Placées sous un ciel plus humide, sous un soleil moins vif et peut-être aussi sous des vents moins violens que les dunes du golfe de Gascogne, celles du Pas-de-Calais sont beaucoup moins mobiles ; la sécheresse n’a, vers Boulogne, ni la durée ni l’intensité de celle de Bayonne, et les sables calcaires de la Manche ont plus d’adhérence que des sables siliceux. Sur le tracé même du chemin de fer est un exemple frappant de la portée de ces différences. Les faibles ruisseaux qui coulent sous les villages de Neufchâtel, de Danne et de Carniers, descendent à la mer au travers des dunes, et leur cours n’est jamais intercepté que momentanément. Dans les dunes de Gascogne, des courans bien plus puissans, refoulés par l’amoncellement des sables, forment les étangs de Cazaux, de Biscarosse, de Soustous. Ici, ces filets d’eau ramènent à la mer presque tout le sable que le vent jette dans leur lit, et, pour les faire servir de barrière contre les dunes, il suffirait d’un travail d’entretien plus attentif que dispendieux. À Neufchâtel et à Danne, où le chemin de fer se rapproche des dunes, la marche des sables est trop lente, fussent-ils abandonnés à eux-mêmes, pour qu’ils l’atteignissent de cent ans ; entre Camiers et Étaples, on pourrait les éviter en l’infléchissant à l’est, mais il a été jugé plus sûr de traverser, par, un souterrain d’environ 1,200 mètres, l’espace exposé, et ce parti ne laisse pas place à la moindre inquiétude. Entre la Canche et l’Authie, le tracé marche sur une longueur de 16 kilomètres parallèlement à un autre groupe de dunes ; mais il en est séparé par l’humide et fertile vallée de Cuq et de Merlimont.

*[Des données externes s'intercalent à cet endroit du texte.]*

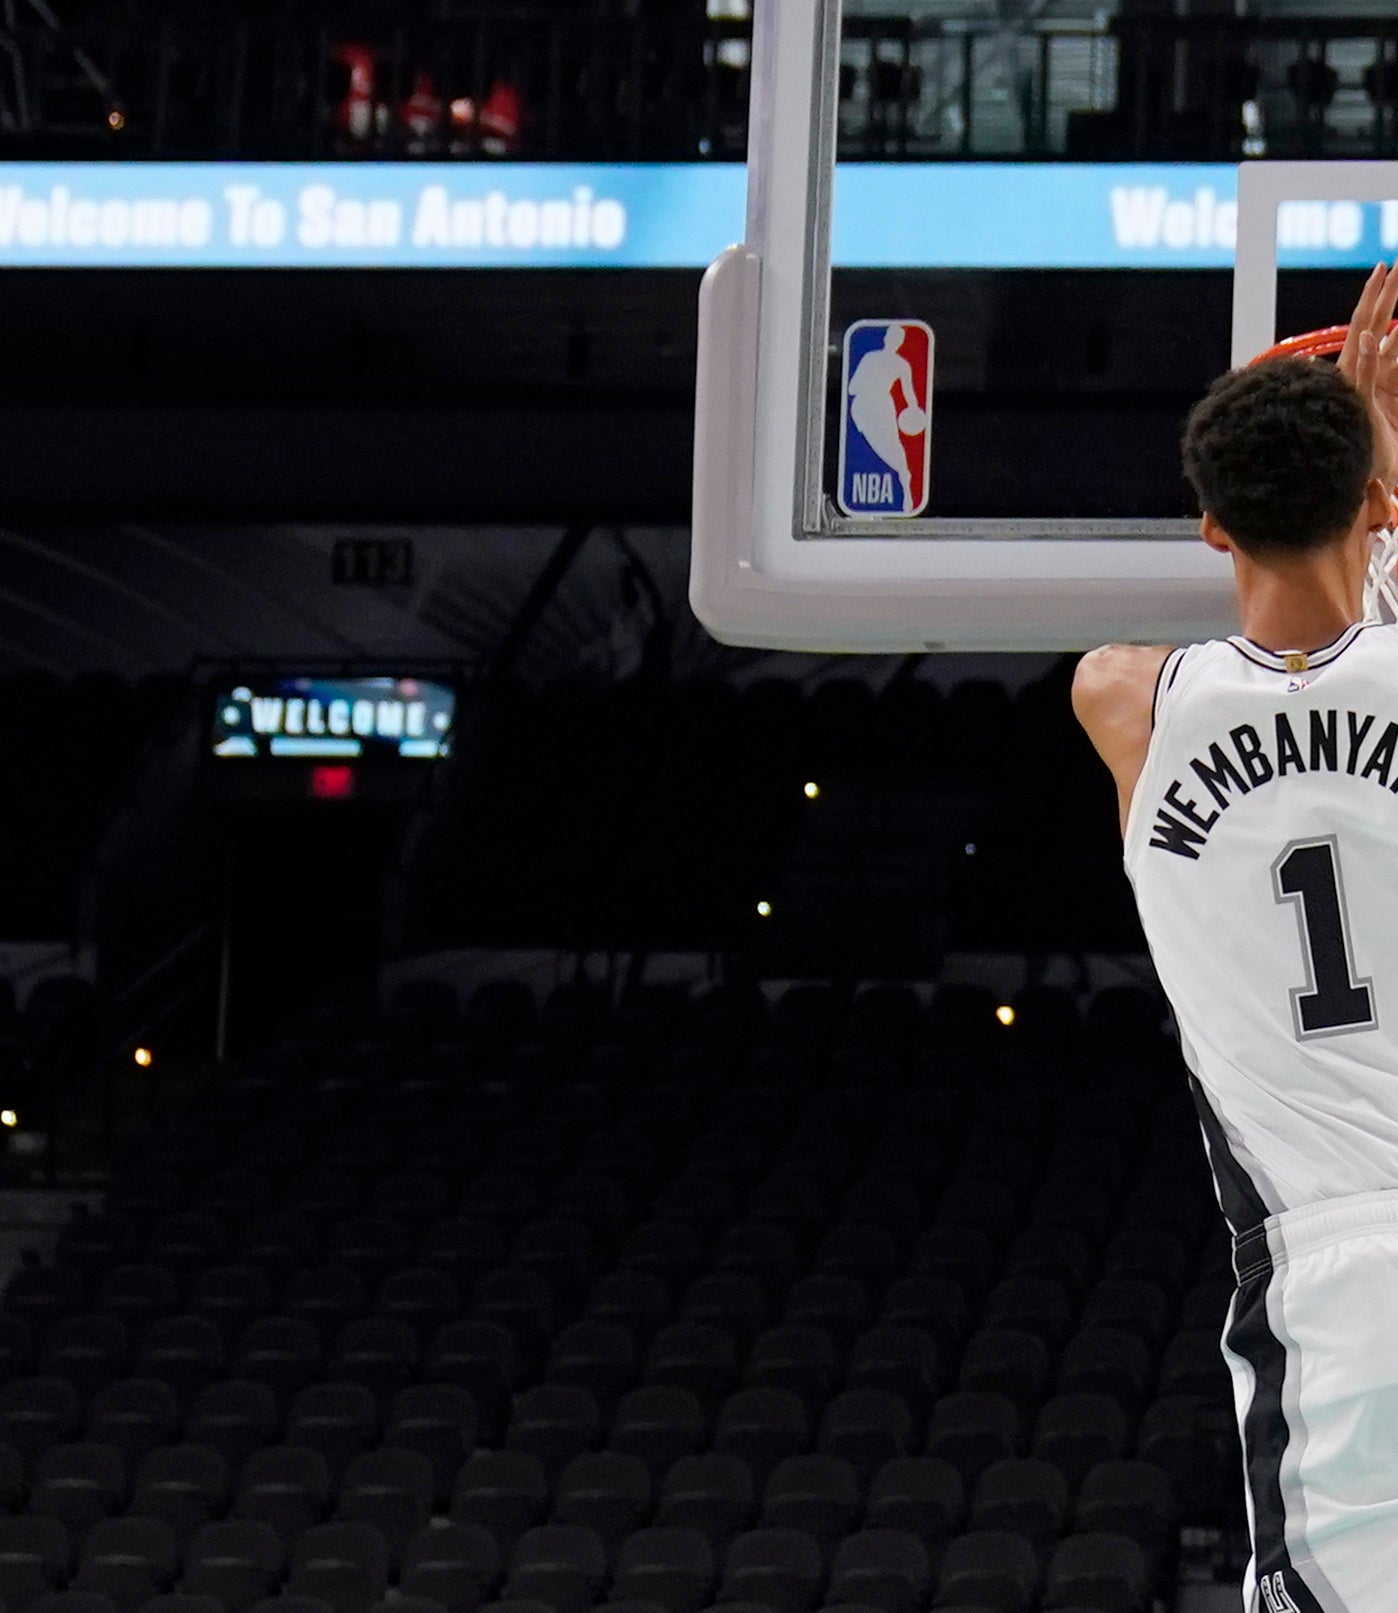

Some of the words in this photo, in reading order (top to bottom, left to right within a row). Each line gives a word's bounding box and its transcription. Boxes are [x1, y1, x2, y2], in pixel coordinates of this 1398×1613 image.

[223, 185, 286, 248] To
[298, 184, 402, 249] San
[412, 184, 627, 249] Antonio
[1109, 186, 1363, 250] Welcme
[852, 472, 894, 504] NBA
[250, 697, 427, 738] WELCOME
[1270, 833, 1380, 1042] 1

Quant aux vents d’ouest, partout ailleurs qu’au travers de la vallée de la Canche, les convois en seront préservés par les dunes elles-mêmes, qui dominent de 60 à 80 mètres le plan sur lequel ils rouleront. Le voisinage des dunes n’a donc, pour le chemin de fer, d’autre inconvénient que d’étendre un désert stérile là où l’on aimerait à voir des campagnes fécondes, des villages populeux alimenter une active circulation.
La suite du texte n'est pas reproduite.